Film is a reflective medium; it’s only successful when it finds ways to tap into the public’s subconscious and provide some sort of mirror or escape.
I once read an article from 2008 that addressed this from a political standpoint: the Bush years, the inhumanity of extreme capitalism and There Will be Blood; the Obama campaign, hope and cute films full of possibility like Away We Go.
In that context, what does it mean that we now have critically acclaimed films like Blue Valentine and Like Crazy? Films that document falling head over heels for an idea and then getting (1) exhausted by working at it and/or (2) disillusioned. Similarly, what do our blockbusters mean now?
Almost two months ago, I worked an advance screening of Hugh Jackman’s Real Steel. In case you don’t know, it’s about robot boxing. Robot boxing. Despite coming into the film expecting to hate it and actually hating the first twenty minutes (the phrase “robot boxing” was actually used and I felt so disappointed and embarrassed for this screenplay’s writer), I liked it.
Real Steel is set somewhere between now and the 2020s.

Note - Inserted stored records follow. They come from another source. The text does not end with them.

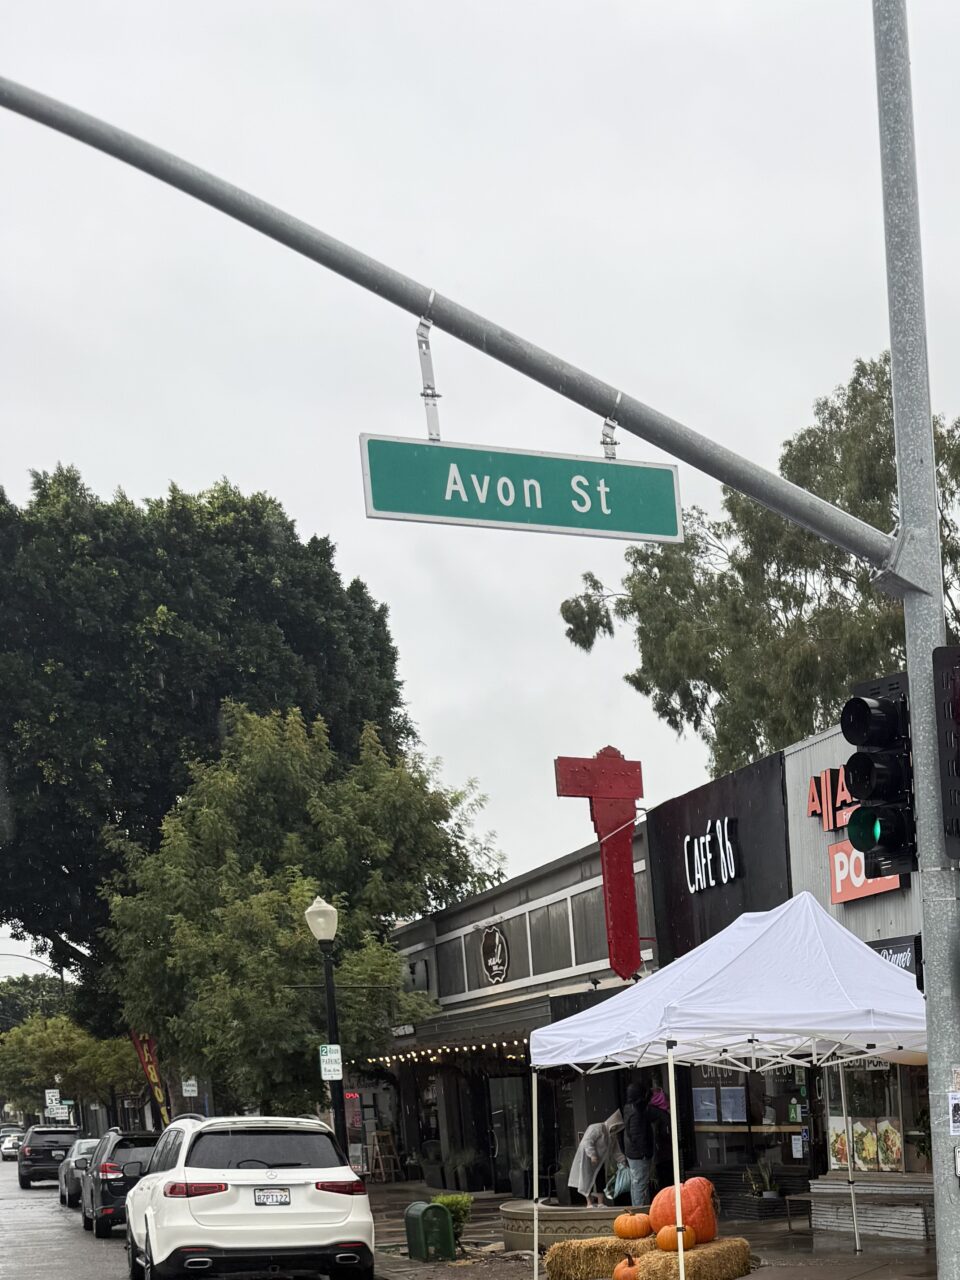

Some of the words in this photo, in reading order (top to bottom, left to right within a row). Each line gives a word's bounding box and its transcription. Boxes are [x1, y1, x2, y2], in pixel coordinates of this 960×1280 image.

[445, 463, 543, 509] Avon
[570, 475, 612, 515] St
[684, 819, 716, 894] CAFÉ
[716, 816, 735, 884] 86
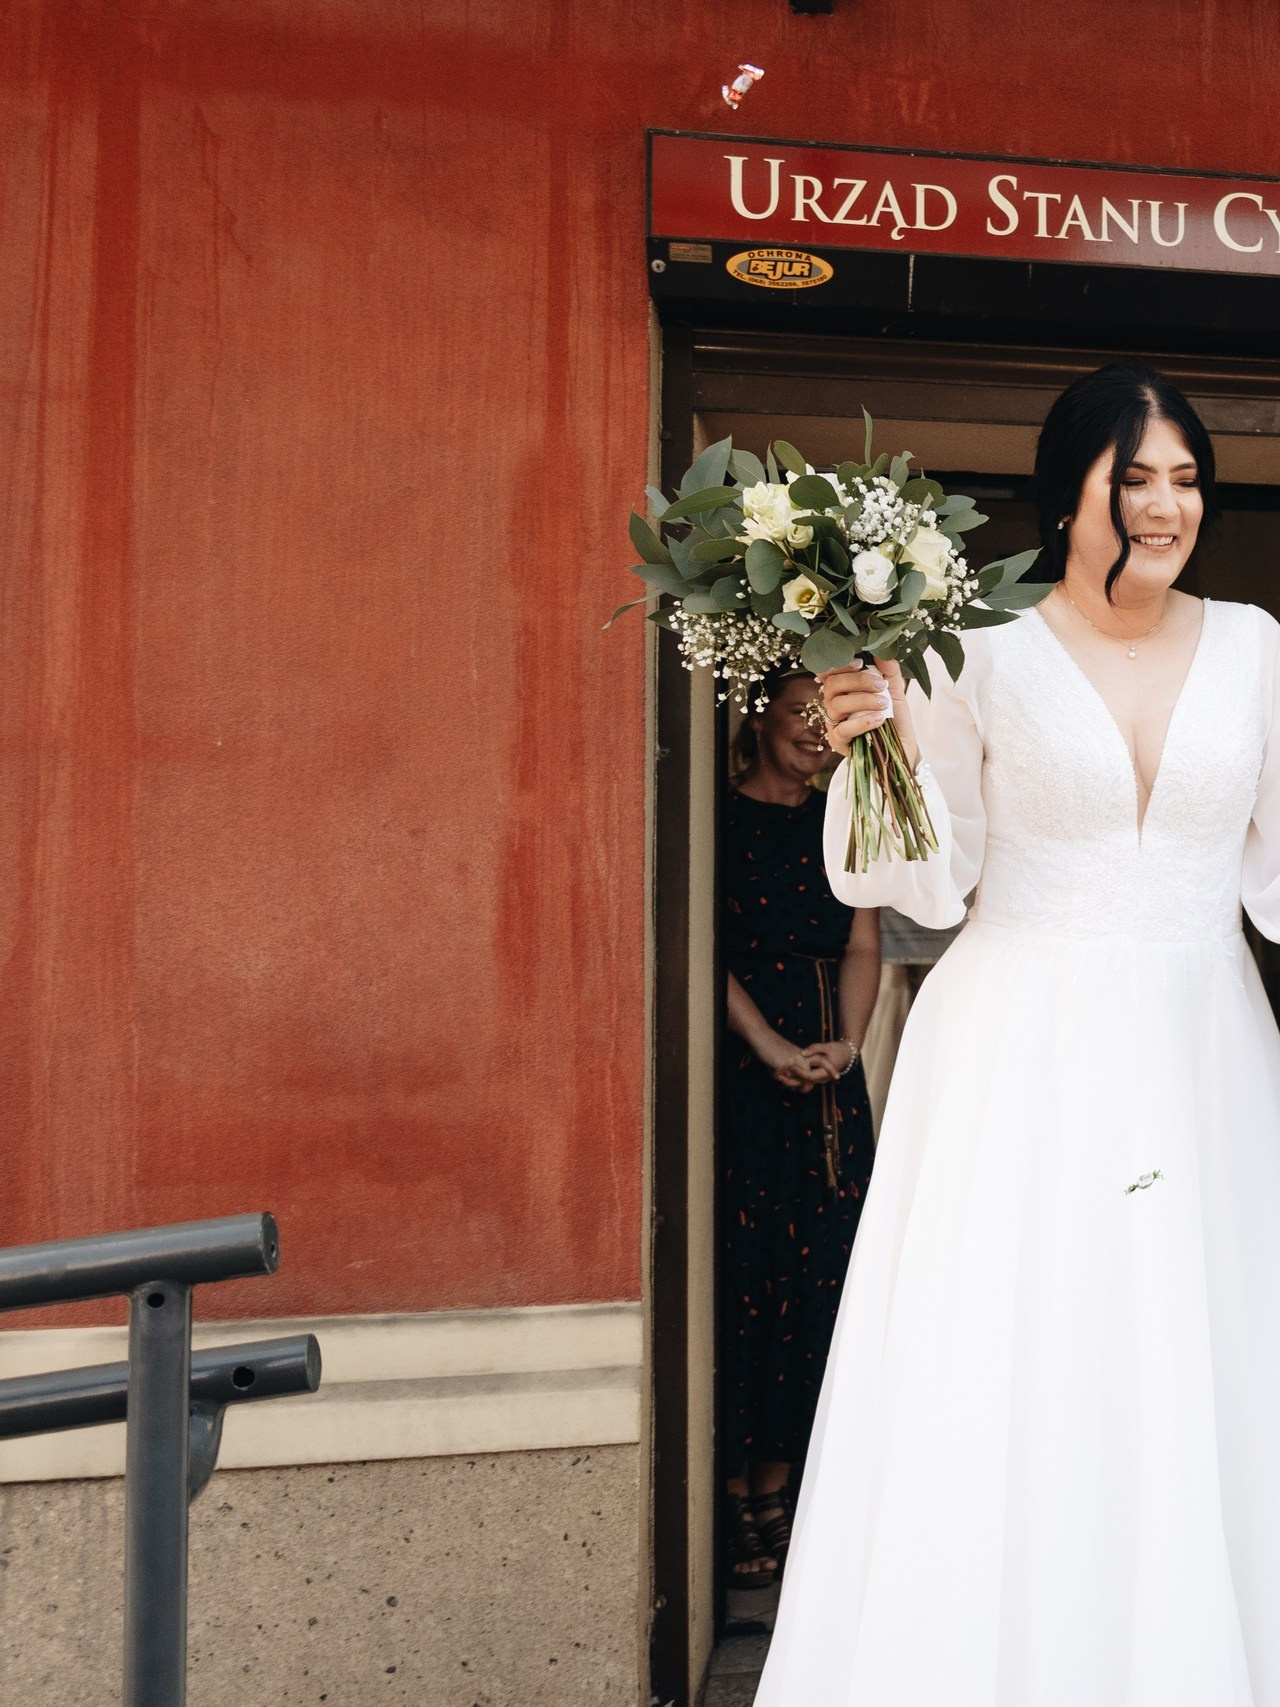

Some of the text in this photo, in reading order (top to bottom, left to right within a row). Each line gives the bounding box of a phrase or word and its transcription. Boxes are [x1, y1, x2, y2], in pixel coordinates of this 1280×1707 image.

There are no flying cars, no Jetson-style homes (ps, I’m so glad we’ve all collectively realized that shit is just not ever happening), nothing to scare us or indicate that we’re too far from where we’ve been. But there are robots and almost no human emotion.
In the first pivotal scene, the robot that the story will revolve around, Atom, is described as being second-generation, while the robots that they have in the present are third and fourth generation. Second generation robots were dismissed as being “too human-like,” they’re used as sparring robots and, consequently, are made to withstand hits.
This second generation robot saves the life of the main character, a little boy. In a sense of obligation to his hero, the boy cleans him up and connects with him. He decides to enter the robot into boxing matches, despite everyone telling him that the robot is old and a piece of junk. But he doesn’t listen, and Atom is thrown into matches in the only place that will take him: “The Zoo.” This is a bacchanal, junkyard of robots run by people who still exhibit human pleasures: girls and boys, boys and boys, and girls and girls hang off each other, drink beer and yell and make bets while Atom fights.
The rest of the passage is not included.